It is good to stick up for the facts, but it is so much better to present the facts and let them speak for themselves, rather than to regard all doubters, even those who are mistaken, as vicious assailants upon all that is Good and Holy.

I had read of the "lowest frequency for a specific size room" theory discussed, both pro and con, in very general terms. I had begun to lean against it, because subjectively, it seemed to me that the "bottom" of the music was there in a car when the theory seemed to indicate it would not be.
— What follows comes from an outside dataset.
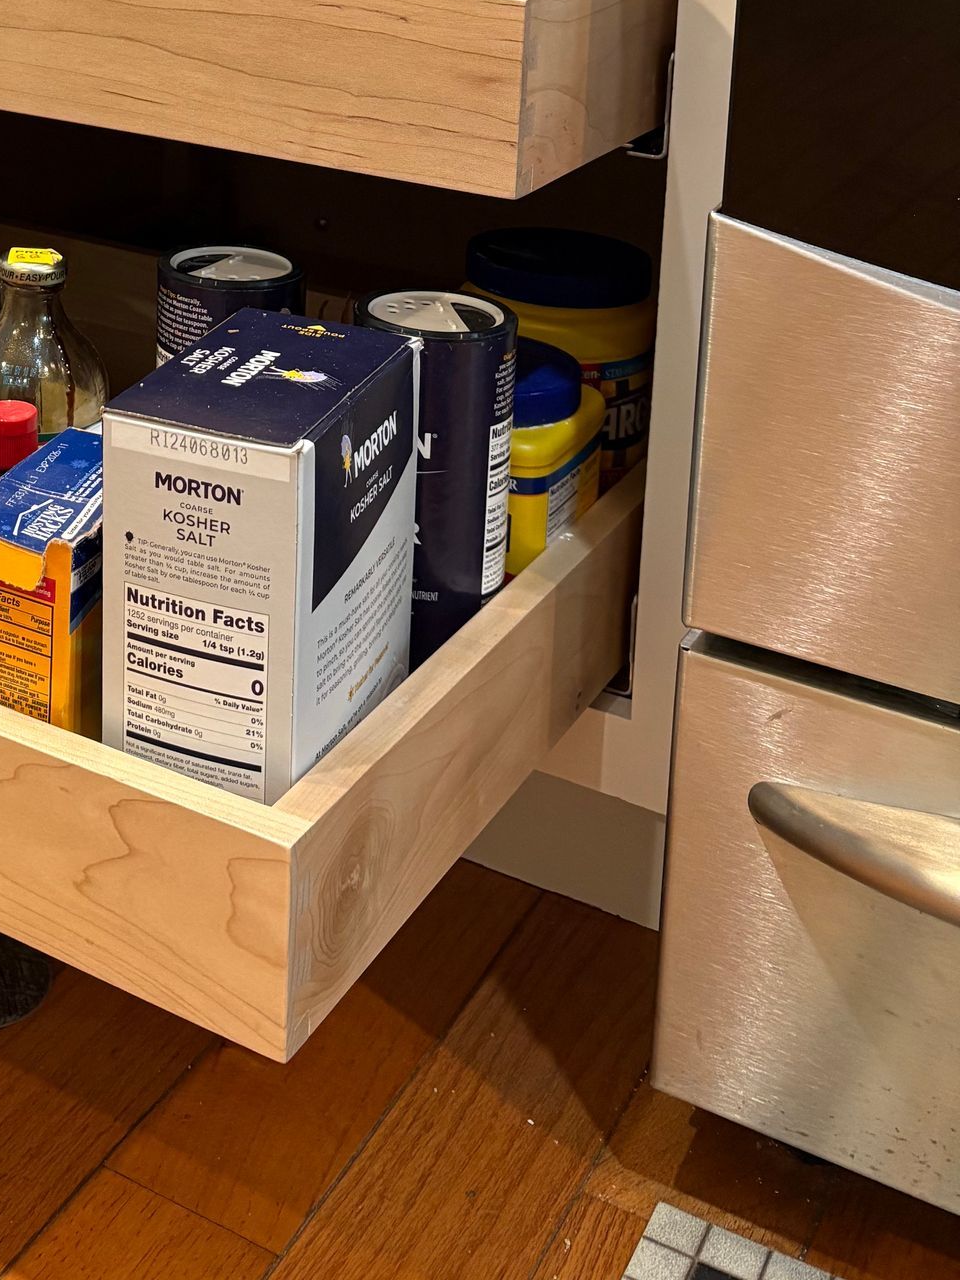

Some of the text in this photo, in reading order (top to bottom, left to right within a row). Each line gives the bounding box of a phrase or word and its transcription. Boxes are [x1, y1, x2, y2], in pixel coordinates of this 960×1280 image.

In your original post on this matter, you said:
by Bobken:
My own listening room is about 23 feet long, and bass will simply 'cut off' at a lowish frequency (off the top of my head I don't recall precisely what that is, possibly around 25/30Hz, but I did calculate it a while ago) because below this frequency a single sinewave is longer than the longest dimension of the room and the soundwave simply cannot be *properly* propagated. With the perhaps 8/10 feet or so available in an average car, the lower cut-off will be much higher, whether we like it or not!
From the above, is it not fair to assume that the reader will believe that the sound will cut off below the frequency that correspnds to the longest dimension of the listening space? And if the longest dimension is 8 feet, then the cutoff frequency is 140 Hz.

At this point, we should bring up the question of the word "cutoff". In most audio situations, your "cutoff" will be 12 dB/octave or more. Yes, a single element crossover will have a cutoff slope of 6 dB, but that is perhaps the one common case where we see this. Closed box speakers have a low cutoff at 12 dB/octave. Ported speakers cut off at 24 dB. Woofers with a smooth rolloff at the high end cut off at 12 dB/octave. While 6 dB/octave crossovers do have a substantial following, there is a movement toward 18 dB, 24 dB and even higher slope crossovers gaining momentum.
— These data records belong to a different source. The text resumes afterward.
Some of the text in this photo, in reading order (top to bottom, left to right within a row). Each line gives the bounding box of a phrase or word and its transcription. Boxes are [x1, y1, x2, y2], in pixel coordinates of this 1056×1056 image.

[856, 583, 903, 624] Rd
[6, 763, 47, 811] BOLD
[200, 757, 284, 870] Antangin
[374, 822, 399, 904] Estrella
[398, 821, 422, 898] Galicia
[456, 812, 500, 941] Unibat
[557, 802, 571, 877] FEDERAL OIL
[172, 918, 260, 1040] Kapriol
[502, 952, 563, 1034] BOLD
Given these facts, is it not fair to say that a member who reads about a "cutoff" below a wavelength of 8 feet would interpret that as meaning, "there is not much usable output below 140 Hz"? Yet in most cars, even small ones, there definitely is good, solid output below that. So, I voiced these doubts.



Your reaction?
by Bobken
Regrettably, once again there are the usual rash of 'detractors' who in their haste to cast doubts on what had I said, didn't read my earlier post very carefully...
On the contrary, on the basis of your post I figured out the frequency which has a wavelength of 8 feet and arrived at 140 Hz as the "cutoff frequency". Not a sign of somebody who didn't read your post carefully.



You continue:
Firstly, if any of you have discovered a method of reducing the length of soundwaves (whether they be simple sine waves, more complex overtones/undertones, or whatever else) then you are onto a winner, as you have found a way of defying nature.
Nobody is trying to defy nature, we are just trying to understand why we can hear notes substantially beneath 140 Hz in a car when your post tended to indicate that we would not.



...the well-known speaker designer Vance Dickason also carried out some interesting measurements to make these very straightforward comparisons...
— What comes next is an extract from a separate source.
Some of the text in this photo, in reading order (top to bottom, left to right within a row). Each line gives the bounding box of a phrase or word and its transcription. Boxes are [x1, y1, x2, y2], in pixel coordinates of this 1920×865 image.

...The same 6.5" driver, installed as a vented-box woofer, was used both in freefield (i.e. like a very large room) and 'restricted' in a car (a Nissan 240SX) of about 110 cu. ft....

...In the 40/50 Hz region (not very low!), the output had reduced (by comparison with the freefield case) in the car installation by 7/8 dB...
First, I would argue somewhat with the characterization of 40 Hz as being "not very low". The lowest note of the bass guitar-often the lowest note on a popular record-is 42 Hz. I haven't seen Audio magazine for awhile, but as of a few years ago they were reviewing many a floorstanding loudspeaker with an F3 of 40 Hz or so. These speakers sold for several thousand dollars a pair. I realize that Velodyne, Definitive and other companies produce products that plumb much lower depths than 42 Hz, but I have always felt that if you can get a system in your car producing hearable and feelable bass down to the lowest note of the bass guitar, you really have all the bass you need. I think most would agree. Most cars don't have room for a Velodyne sized enclosure, though I am sure people have done it.

In fact, a home system with a cutoff of 42 Hz would fill the bill for good sound in many people's opinion. Although getting a sub eventually would be a good idea.

Second, we arrive at the crux of the matter. If the rolloff starts around 140 Hz and the response is only 7 or 8 dB down at 40 Hz, that has got to be the most gradual rolloff rate I have ever seen in audio. Since 40 Hz is 1.8 octaves underneath 140 Hz, the rate is a scant 4 dB per octave!!

Moreover, 110 cu ft of space is a rather small passenger compartment. If the longest dimension is 8 feet, then the height and width are only 3.7 feet each. Tight squeeze. For larger cars, the rolloff would start later, which means that the response might only be 5 or 6 dB down at 40 Hz.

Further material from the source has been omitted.